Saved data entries

==============================

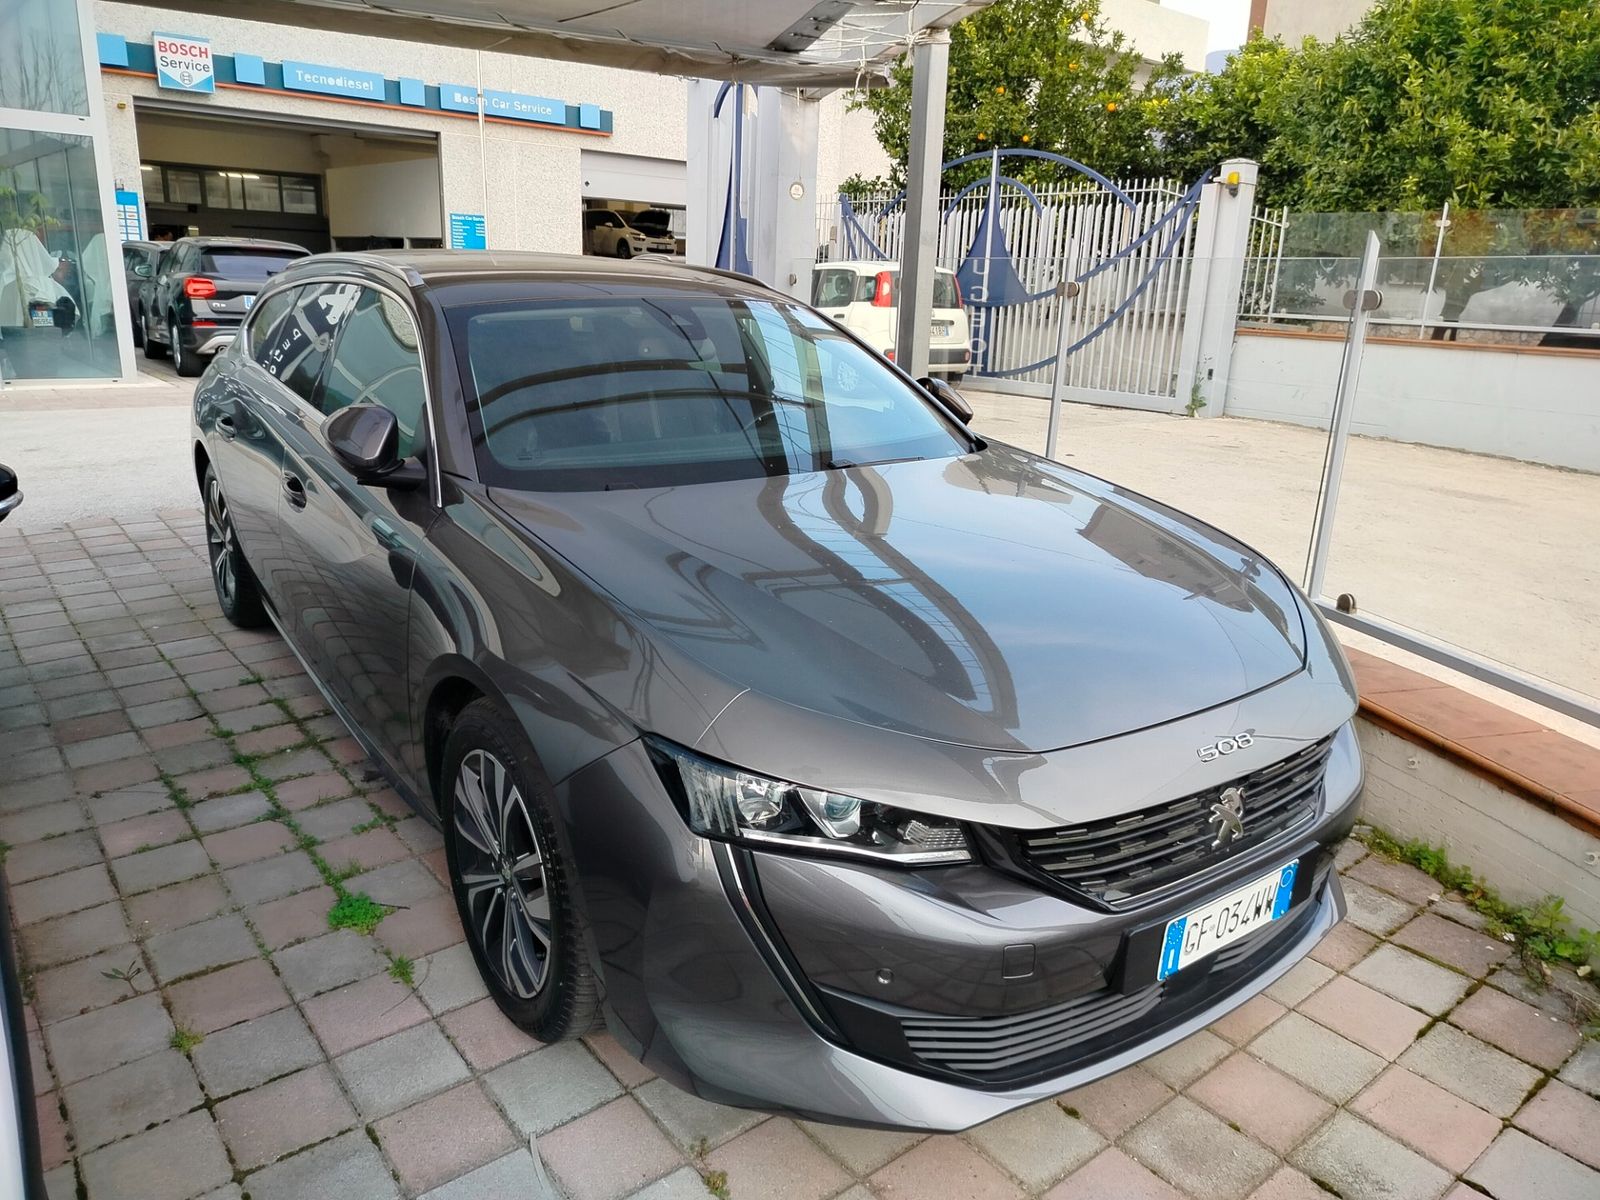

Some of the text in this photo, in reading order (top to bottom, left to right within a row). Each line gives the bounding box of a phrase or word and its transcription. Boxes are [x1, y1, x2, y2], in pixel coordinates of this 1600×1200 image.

[158, 41, 208, 58] BOSCH
[160, 56, 210, 72] Service
[296, 70, 373, 91] Tecnodiesel
[492, 98, 510, 109] Car
[513, 101, 552, 115] Service
[1197, 733, 1253, 762] 508

==============================

Output the lines above in full and exactly. Leave out every picture.

Some of the text in this photo, in reading order (top to bottom, left to right within a row). Each line gives the bounding box of a phrase or word and its transcription. Boxes are [x1, y1, x2, y2], in pixel coordinates of this 1600×1200 image.

[158, 41, 208, 58] BOSCH
[160, 56, 210, 72] Service
[296, 70, 373, 91] Tecnodiesel
[492, 98, 510, 109] Car
[513, 101, 552, 115] Service
[1197, 733, 1253, 762] 508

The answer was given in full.